**TASK ITEM:** The result should be an exact copy of the lines from the one with "this 1600×899 image." through the last line of the data below, both included.

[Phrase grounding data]
- - - - -

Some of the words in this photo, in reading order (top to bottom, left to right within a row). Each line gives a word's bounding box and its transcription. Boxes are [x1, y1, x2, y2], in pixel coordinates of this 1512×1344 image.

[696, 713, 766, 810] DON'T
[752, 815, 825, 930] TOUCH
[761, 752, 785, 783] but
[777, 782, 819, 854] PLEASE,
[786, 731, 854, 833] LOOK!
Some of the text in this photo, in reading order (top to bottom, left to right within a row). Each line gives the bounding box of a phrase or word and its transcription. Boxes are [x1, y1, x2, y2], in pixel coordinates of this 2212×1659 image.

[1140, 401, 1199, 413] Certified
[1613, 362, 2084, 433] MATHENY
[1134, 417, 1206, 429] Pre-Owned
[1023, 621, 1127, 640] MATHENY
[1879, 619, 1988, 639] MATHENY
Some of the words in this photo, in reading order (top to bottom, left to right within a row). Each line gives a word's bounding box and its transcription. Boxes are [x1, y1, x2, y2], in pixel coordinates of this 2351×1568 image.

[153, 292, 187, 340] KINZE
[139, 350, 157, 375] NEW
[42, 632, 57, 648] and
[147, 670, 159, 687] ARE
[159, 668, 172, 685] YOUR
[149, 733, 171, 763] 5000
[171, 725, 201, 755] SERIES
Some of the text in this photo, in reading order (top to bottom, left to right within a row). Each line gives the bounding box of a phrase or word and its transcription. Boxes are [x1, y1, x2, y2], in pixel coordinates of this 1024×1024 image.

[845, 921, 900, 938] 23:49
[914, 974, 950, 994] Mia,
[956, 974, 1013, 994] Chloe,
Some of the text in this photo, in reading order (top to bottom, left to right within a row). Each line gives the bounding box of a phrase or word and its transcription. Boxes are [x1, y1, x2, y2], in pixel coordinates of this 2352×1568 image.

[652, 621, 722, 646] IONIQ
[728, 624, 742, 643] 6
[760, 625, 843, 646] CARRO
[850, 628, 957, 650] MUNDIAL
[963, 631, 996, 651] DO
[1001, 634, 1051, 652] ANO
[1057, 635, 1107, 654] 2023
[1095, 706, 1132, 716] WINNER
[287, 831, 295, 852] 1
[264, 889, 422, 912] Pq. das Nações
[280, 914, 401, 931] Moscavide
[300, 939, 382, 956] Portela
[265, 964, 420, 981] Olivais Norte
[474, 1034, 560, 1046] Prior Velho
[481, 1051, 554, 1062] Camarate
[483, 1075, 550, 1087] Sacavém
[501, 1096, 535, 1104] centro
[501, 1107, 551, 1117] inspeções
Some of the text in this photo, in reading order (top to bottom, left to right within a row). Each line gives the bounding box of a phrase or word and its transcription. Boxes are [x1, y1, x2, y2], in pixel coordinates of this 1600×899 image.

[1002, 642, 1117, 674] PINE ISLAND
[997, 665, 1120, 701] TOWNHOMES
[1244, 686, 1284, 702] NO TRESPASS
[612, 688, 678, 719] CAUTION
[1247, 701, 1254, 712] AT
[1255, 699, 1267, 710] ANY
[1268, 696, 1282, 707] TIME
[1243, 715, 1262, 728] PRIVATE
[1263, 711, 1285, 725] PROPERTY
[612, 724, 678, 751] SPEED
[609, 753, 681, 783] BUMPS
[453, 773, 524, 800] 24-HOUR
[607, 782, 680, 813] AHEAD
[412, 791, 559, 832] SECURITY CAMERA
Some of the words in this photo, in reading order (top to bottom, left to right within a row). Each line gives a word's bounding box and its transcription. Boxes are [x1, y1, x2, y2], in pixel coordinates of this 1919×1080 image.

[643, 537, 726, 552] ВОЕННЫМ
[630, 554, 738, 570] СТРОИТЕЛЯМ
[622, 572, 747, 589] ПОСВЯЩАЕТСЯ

- - - - -

**RESULT OF THE TASK:**
Some of the text in this photo, in reading order (top to bottom, left to right within a row). Each line gives the bounding box of a phrase or word and its transcription. Boxes are [x1, y1, x2, y2], in pixel coordinates of this 1600×899 image.

[1002, 642, 1117, 674] PINE ISLAND
[997, 665, 1120, 701] TOWNHOMES
[1244, 686, 1284, 702] NO TRESPASS
[612, 688, 678, 719] CAUTION
[1247, 701, 1254, 712] AT
[1255, 699, 1267, 710] ANY
[1268, 696, 1282, 707] TIME
[1243, 715, 1262, 728] PRIVATE
[1263, 711, 1285, 725] PROPERTY
[612, 724, 678, 751] SPEED
[609, 753, 681, 783] BUMPS
[453, 773, 524, 800] 24-HOUR
[607, 782, 680, 813] AHEAD
[412, 791, 559, 832] SECURITY CAMERA
Some of the words in this photo, in reading order (top to bottom, left to right within a row). Each line gives a word's bounding box and its transcription. Boxes are [x1, y1, x2, y2], in pixel coordinates of this 1919×1080 image.

[643, 537, 726, 552] ВОЕННЫМ
[630, 554, 738, 570] СТРОИТЕЛЯМ
[622, 572, 747, 589] ПОСВЯЩАЕТСЯ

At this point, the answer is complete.